The philosophy and the oriental medicine resonated with me and helped me see the world from a totally new perspective
“I was already working on a sailboat and I took the year off to travel. On that boat is where I first tasted freedom, seeing dolphins in the North Sea, experiencing true space, around me and consequently in my head.” After that, on the road in Asia, Tim consciously looked for buddhism and ended up staying in India for two months. “There I had the chance to fully explore that side of me. The philosophy, the oriental medicine, it resonated with me and helped me see the world from a totally new perspective.”
“I had the ambition to unite yoga and psychology”, Tim reflects upon his return to university. He obtained his master degree with a thesis on meditation, a subject only few scientific articles had featured. “At that time I wanted to move on in my yoga practice and was orienting on a yoga-psychology course. I found an Amsterdam school that thought on Ibiza. This was my first acquaintance with Kundalini yoga, which turned out to be the foundation of the theory. It was exactly what I was looking for.”

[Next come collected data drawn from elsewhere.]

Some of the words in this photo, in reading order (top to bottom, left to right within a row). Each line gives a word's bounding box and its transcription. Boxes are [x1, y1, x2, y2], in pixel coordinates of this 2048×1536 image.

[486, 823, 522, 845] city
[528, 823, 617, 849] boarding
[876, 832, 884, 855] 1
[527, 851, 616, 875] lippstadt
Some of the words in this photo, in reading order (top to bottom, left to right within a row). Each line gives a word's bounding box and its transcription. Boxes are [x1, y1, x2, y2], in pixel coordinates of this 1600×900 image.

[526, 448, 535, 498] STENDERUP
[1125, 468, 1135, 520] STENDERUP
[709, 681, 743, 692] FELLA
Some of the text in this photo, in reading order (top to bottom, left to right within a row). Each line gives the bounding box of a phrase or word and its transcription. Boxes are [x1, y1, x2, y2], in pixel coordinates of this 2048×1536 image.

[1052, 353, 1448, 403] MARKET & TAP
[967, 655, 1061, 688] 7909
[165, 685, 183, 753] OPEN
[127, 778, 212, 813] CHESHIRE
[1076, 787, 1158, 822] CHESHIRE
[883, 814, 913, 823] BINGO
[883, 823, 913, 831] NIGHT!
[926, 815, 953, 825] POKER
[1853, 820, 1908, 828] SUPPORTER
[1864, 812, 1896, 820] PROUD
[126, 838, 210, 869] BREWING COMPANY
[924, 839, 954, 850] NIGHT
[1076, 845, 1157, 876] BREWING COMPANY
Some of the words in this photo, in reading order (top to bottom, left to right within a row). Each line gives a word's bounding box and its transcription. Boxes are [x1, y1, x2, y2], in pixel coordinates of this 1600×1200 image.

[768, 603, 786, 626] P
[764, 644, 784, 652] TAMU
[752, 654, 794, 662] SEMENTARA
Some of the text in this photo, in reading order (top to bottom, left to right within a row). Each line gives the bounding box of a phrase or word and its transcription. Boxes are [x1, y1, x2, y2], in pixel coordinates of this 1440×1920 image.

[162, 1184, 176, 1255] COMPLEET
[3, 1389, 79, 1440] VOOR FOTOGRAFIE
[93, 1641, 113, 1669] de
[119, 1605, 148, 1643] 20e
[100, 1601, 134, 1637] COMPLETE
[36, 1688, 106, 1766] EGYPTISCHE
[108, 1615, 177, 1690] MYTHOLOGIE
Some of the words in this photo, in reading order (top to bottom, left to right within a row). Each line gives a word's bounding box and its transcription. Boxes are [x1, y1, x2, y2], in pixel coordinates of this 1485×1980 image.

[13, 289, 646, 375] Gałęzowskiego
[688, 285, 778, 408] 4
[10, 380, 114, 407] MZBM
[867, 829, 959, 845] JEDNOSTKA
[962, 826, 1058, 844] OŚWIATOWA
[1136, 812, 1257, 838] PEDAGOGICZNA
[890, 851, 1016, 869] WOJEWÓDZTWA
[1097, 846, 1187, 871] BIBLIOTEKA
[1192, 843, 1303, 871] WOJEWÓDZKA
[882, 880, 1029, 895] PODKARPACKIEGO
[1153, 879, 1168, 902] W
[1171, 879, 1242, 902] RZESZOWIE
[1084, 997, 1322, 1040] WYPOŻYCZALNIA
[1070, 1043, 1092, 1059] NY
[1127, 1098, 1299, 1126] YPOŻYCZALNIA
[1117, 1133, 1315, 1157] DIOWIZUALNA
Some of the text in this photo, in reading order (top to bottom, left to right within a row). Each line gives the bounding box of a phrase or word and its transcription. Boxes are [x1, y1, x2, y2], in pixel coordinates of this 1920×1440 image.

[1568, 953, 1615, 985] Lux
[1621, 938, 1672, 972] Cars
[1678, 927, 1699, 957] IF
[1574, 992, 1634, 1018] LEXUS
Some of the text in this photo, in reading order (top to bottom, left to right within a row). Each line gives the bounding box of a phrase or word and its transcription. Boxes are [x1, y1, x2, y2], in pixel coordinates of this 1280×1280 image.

My grandparents’ only reference to white clad men in turbans were the Taliban
That’s when ‘guy’ Tim became yogi full time. He worked at the back-office of the school, started leading morning Sadhana’s for experience, and began his teacher training. Enter turban, not just a piece of fabric wrapped around your head, but a tool and a means of peace and protection. And a statement. “Wearing it in public really felt like coming forward about being a spiritual person. It was challenging, having to ignore judgement, my own and that of others. My South-German grand parents didn’t understand it, their only reference to white clad men in turbans were the Taliban. I know I alienated some people because of it, but I needed to choose me, needed to experience what it felt like to be in touch with myself. It taught me to be more intuitive and speak form the heart. Now I have the liberty to choose if I wear it.”
I train patience, creating space to make mistakes
Tim doesn’t feel he’s removed from ‘normal’ life, even though he chose to make his practice more important than other things. On the contrary, it enables him to deal with the speed and pressure that come with running an online business, focussing on what needs to be done. “It may seem I’m constantly meditating, but in fact im working very hard. I’m in touch with other professionals all the time, facing the fear of asking money for what I’m doing, getting out of the comfort zone.” To prove his point, Tim, after eating that lentil burger with parmesan cheese in spite of his vegan diet, confesses he went to see Ajax play a soccer game. “They are also fanatically focussing on getting the best out of themselves, it’s just a different form.”
“I wanted to be the best yogi there is”, Tim remembers. “I learned every kriya by heart, but nothing happened. And then I hit the wall. I was translating our society’s mindset to the yoga mat. I needed a teacher to see there’s more than that. Mooji baba, a great teacher, says you don’t need yoga to be yourself. Now I train patience, creating space to make mistakes. That’s also what I can give to others. Everything I learn in my own process I want to pass on, including the joy and pleasure my travels and endeavors bring me. That’s what I aspire.”